E se Mac De Marco fosse brasiliano? Si chiamerebbe Bruno Berle. L’artista di Maceió unisce senza apparente sforzo il folk tradizionale brasiliano dei grandi maestri del genere ad un indie-pop da cameretta, con un po’ di electro spruzzata lì a condire il tutto. Dopo un dolcissimo album di debutto accolto molto bene (“No Reino Dos Afetos” del 2022) e il suo successore (“No Reino Dos Afetos 2” del 2024) il cantautore torna con il nuovo “Sem Fronteiras” in uscita a luglio, quello che dovrebbe essere il disco della consacrazione. L’album riflette sulla sua ascesa artistica, da ragazzo cresciuto in una famiglia proletaria senza grandi possibilità materiali, a girare il mondo grazie alla musica. Questa sera per la prima volta a Roma.

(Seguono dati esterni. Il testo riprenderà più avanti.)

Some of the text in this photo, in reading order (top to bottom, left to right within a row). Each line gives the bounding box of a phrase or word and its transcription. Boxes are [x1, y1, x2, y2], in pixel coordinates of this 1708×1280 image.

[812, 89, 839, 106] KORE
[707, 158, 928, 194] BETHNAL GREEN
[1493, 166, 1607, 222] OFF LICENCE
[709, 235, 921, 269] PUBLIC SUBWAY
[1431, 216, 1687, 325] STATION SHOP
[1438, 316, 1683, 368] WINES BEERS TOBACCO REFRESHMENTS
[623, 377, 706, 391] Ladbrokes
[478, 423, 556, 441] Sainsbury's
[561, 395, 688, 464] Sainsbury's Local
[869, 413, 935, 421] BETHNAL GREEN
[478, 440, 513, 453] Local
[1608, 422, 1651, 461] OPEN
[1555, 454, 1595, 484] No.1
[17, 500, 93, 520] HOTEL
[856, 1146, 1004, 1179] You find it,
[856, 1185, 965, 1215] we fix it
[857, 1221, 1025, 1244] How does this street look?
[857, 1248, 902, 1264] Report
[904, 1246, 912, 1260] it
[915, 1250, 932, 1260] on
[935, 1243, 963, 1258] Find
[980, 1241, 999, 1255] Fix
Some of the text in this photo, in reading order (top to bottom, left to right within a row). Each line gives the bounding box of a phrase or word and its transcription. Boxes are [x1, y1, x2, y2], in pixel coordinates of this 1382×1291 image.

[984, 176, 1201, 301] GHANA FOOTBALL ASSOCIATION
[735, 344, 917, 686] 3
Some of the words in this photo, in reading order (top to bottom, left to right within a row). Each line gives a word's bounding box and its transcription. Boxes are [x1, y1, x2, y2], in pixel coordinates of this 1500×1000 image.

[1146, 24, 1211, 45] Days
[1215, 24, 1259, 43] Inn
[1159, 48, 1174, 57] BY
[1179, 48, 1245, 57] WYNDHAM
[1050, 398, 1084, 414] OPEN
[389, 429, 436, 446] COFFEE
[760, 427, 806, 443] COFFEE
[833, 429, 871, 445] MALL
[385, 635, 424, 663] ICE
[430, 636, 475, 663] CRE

A condividere il palco quello che tra i cantautori contemporanei italiani non è solo il più interessante, ma di sicuro quello che deve di più proprio alla musica brasiliana. Marco Castello continua la sua marcia inarrestabile grazie a tre album immacolati di pop raffinato con l’ultimo, “Quaglia Sovversiva” del 2025, che è stato effettivamente un po’ la sua maturità. Quanto meno sembra aver segnato la compiutezza del percorso seguito in questi anni: da qui chissà cosa aspettarsi dal cantautore siracusano, se il proseguimento di una strada comoda e tracciata o sorprese con colpi da illusionista che fanno decisamente parte dell’arsenale dei suoi trucchi.
Intanto per questa sera possiamo ascoltare queste due voci intrise di melodie carioca-sicule intrecciarsi, per una dolcissima serata di inizio estate.